Que cette anecdote soit vraie ou légendaire, il est un fait que Feltrinelli, pour publier Henry Miller, a écouté très attentivement son ancien éditeur. Et ce sera un succès, un autre (ou plutôt deux, comme « Tropiques » de Miller). Et il écoute aussi Valerio Riva, qui le soutiendra dans la recherche d'une nouvelle tendance sur la scène littéraire mondiale : la littérature latino-américaine .

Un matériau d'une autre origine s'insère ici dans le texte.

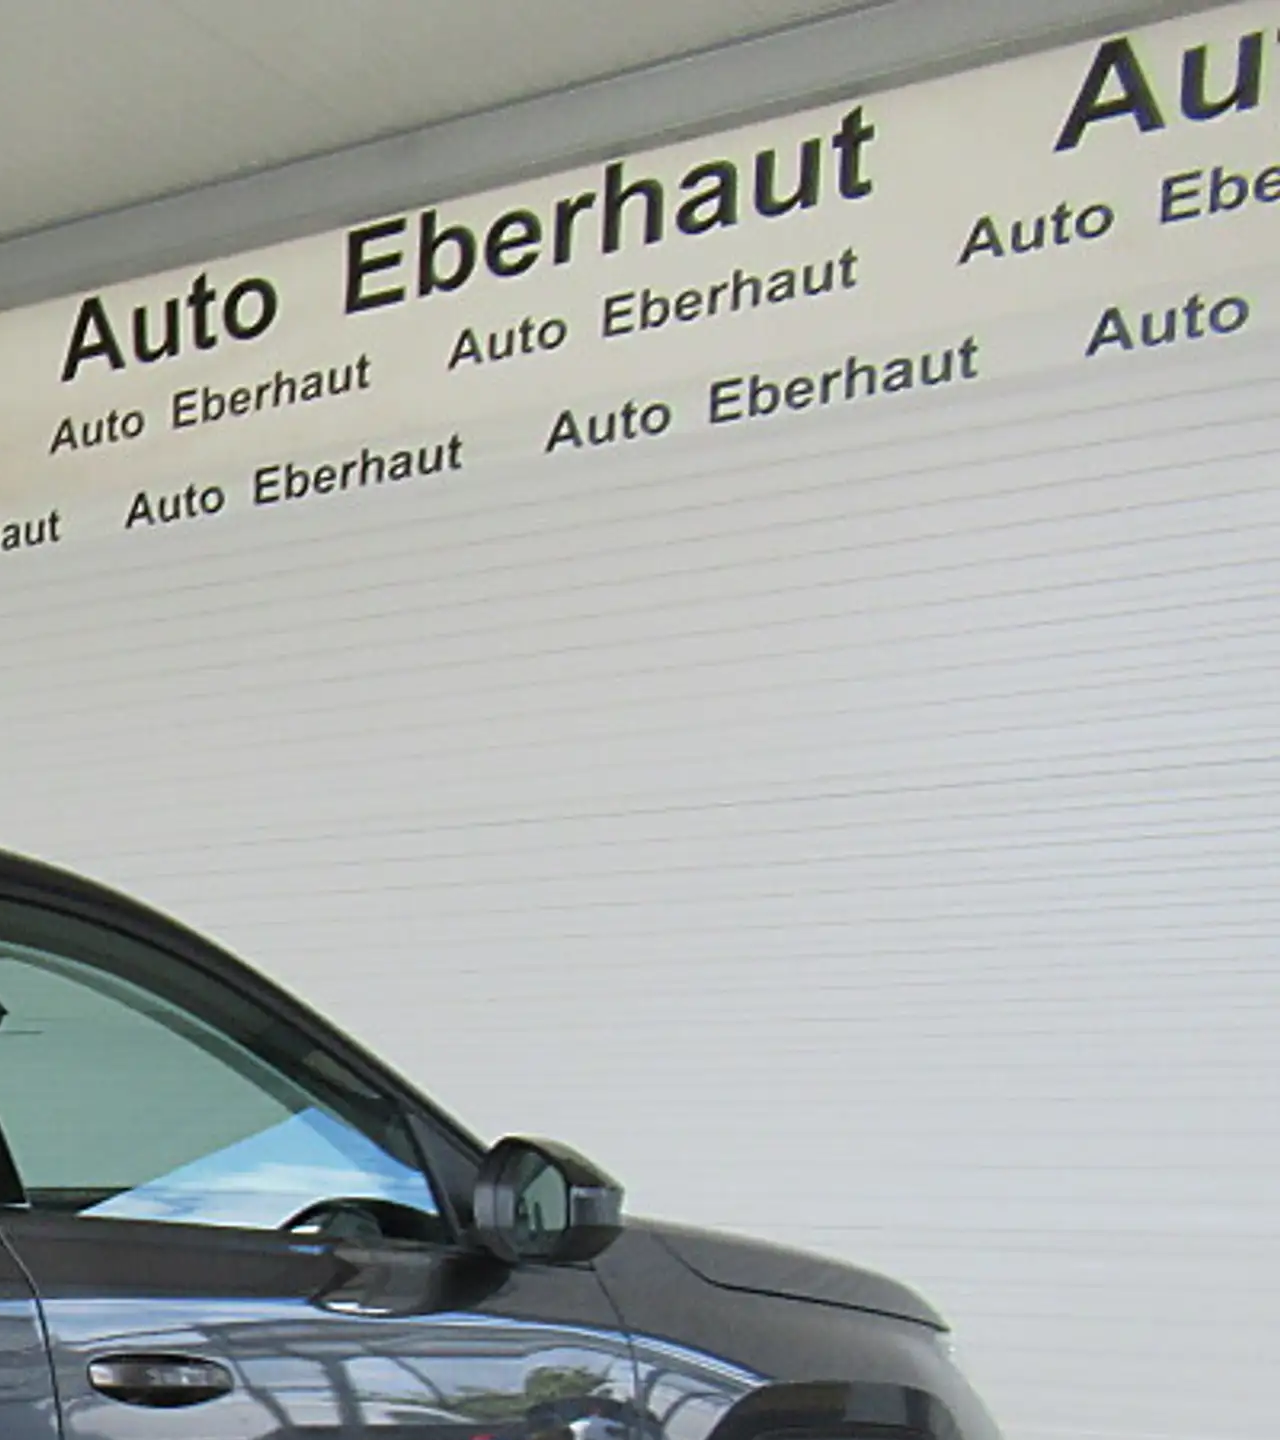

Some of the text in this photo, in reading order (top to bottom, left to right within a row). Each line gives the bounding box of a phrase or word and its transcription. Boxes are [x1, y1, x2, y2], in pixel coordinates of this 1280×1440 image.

Ici aussi, troisième cas, la relation avec Riva va devenir de plus en plus tendue, car l'éditeur est captivé par l'épopée des barbudos à Cuba, tandis que le collaborateur établit des relations avec les dissidents anticastristes. Mais la majeure partie de la littérature latino-américaine (à commencer par Borges) devient un terrain de chasse fertile pour Feltrinelli. Jusqu’à l’explosion de « Cent Ans de Solitude » de Gabriel García Márquez, le troisième pilier de la trilogie de best-sellers qui font de Feltrinelli une réalité solide et même chanceuse d’un point de vue éditorial. Et Feltrinelli ne se rapprochera même pas du grand ennemi de García Márquez, Mario Vargas Llosa, avec « Conversation dans la cathédrale » (en raison d'une trahison et d'une dissidence politique, Vargas Llosa a également frappé son rival). Si l’on peut parler d’une « hégémonie culturelle » de la gauche, et si Einaudi est considéré comme la maison d’édition dans laquelle cette hégémonie a trouvé son apogée et son expression la plus autoritaire, Feltrinelli, aujourd’hui âgé de soixante-dix ans, peut être considéré comme son principal adversaire. D’autres maisons d’édition prestigieuses auraient pu prétendre au rôle d’« anti-Einaudi » dans l’histoire culturelle et éditoriale italienne. Tout d'abord, l'Adelphi de Luciano Foà et Roberto Calasso (et avec l'inspiration d'un formidable lecteur comme Bobi Bazlen) qui est né et a obtenu son acte de naissance précisément d'un refus éditorial sensationnel d'Einaudi : l'édition critique des œuvres de Friedrich Nietzsche éditée par le duo Colli-Montinari, aujourd'hui re-proposée dans une nouvelle et spécifique série. Mais après Nietzsche, arrivent à Adelphi les auteurs accusés d’« irrationalisme », les dissidents du communisme, à commencer par Milan Kundera, l’inclassable, l’Europe centrale (« décadente », excommuniaient-ils à l’époque). Et même les œuvres de Sigmund Freud, un auteur pas vraiment aimé par Einaudi, provoquèrent une nouvelle scission, donnant naissance à la maison d'édition Boringhieri. Mais le soixante-dixième anniversaire de Feltrinelli a été une surprise continue, un manifeste de liberté culturelle « irrégulière » qui a été au contraire résolument, et injustement, éclipsé par l'image des derniers procès de l'homme Feltrinelli, jusqu'à sa mort tragique sur un pylône.
C’est ainsi que nous remettons en cause une « hégémonie culturelle », autre que celle de Tolkien et de la littérature fantastique.